• **What you need to do**:
Every single entry must be restated word for word.

[[ Extracted information, beginning ]]

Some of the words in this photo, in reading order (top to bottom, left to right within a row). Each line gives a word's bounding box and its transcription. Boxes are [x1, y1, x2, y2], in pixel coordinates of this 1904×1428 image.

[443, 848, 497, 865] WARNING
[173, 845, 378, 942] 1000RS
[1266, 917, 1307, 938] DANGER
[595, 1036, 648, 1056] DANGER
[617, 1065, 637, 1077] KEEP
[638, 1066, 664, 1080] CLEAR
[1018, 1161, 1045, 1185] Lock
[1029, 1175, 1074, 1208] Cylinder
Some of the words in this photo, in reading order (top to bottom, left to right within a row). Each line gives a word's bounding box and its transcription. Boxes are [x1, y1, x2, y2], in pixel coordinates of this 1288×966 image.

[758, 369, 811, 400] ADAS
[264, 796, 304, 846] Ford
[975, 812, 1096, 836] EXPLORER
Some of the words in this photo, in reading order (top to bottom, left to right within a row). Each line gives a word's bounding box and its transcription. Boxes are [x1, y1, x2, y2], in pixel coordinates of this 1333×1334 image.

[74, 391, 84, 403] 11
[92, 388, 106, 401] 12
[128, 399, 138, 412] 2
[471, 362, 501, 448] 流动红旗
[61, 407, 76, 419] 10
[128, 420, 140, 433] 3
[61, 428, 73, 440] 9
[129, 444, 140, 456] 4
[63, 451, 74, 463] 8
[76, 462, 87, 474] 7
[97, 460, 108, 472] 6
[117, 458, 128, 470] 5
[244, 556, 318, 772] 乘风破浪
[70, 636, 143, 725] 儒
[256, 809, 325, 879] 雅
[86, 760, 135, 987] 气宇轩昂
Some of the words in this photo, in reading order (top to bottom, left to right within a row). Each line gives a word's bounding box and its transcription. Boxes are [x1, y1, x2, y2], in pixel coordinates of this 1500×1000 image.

[[ Extracted information, end ]]

• **Response to the task**:
Some of the words in this photo, in reading order (top to bottom, left to right within a row). Each line gives a word's bounding box and its transcription. Boxes are [x1, y1, x2, y2], in pixel coordinates of this 1904×1428 image.

[443, 848, 497, 865] WARNING
[173, 845, 378, 942] 1000RS
[1266, 917, 1307, 938] DANGER
[595, 1036, 648, 1056] DANGER
[617, 1065, 637, 1077] KEEP
[638, 1066, 664, 1080] CLEAR
[1018, 1161, 1045, 1185] Lock
[1029, 1175, 1074, 1208] Cylinder
Some of the words in this photo, in reading order (top to bottom, left to right within a row). Each line gives a word's bounding box and its transcription. Boxes are [x1, y1, x2, y2], in pixel coordinates of this 1288×966 image.

[758, 369, 811, 400] ADAS
[264, 796, 304, 846] Ford
[975, 812, 1096, 836] EXPLORER
Some of the words in this photo, in reading order (top to bottom, left to right within a row). Each line gives a word's bounding box and its transcription. Boxes are [x1, y1, x2, y2], in pixel coordinates of this 1333×1334 image.

[74, 391, 84, 403] 11
[92, 388, 106, 401] 12
[128, 399, 138, 412] 2
[471, 362, 501, 448] 流动红旗
[61, 407, 76, 419] 10
[128, 420, 140, 433] 3
[61, 428, 73, 440] 9
[129, 444, 140, 456] 4
[63, 451, 74, 463] 8
[76, 462, 87, 474] 7
[97, 460, 108, 472] 6
[117, 458, 128, 470] 5
[244, 556, 318, 772] 乘风破浪
[70, 636, 143, 725] 儒
[256, 809, 325, 879] 雅
[86, 760, 135, 987] 气宇轩昂
Some of the words in this photo, in reading order (top to bottom, left to right within a row). Each line gives a word's bounding box and its transcription. Boxes are [x1, y1, x2, y2], in pixel coordinates of this 1500×1000 image.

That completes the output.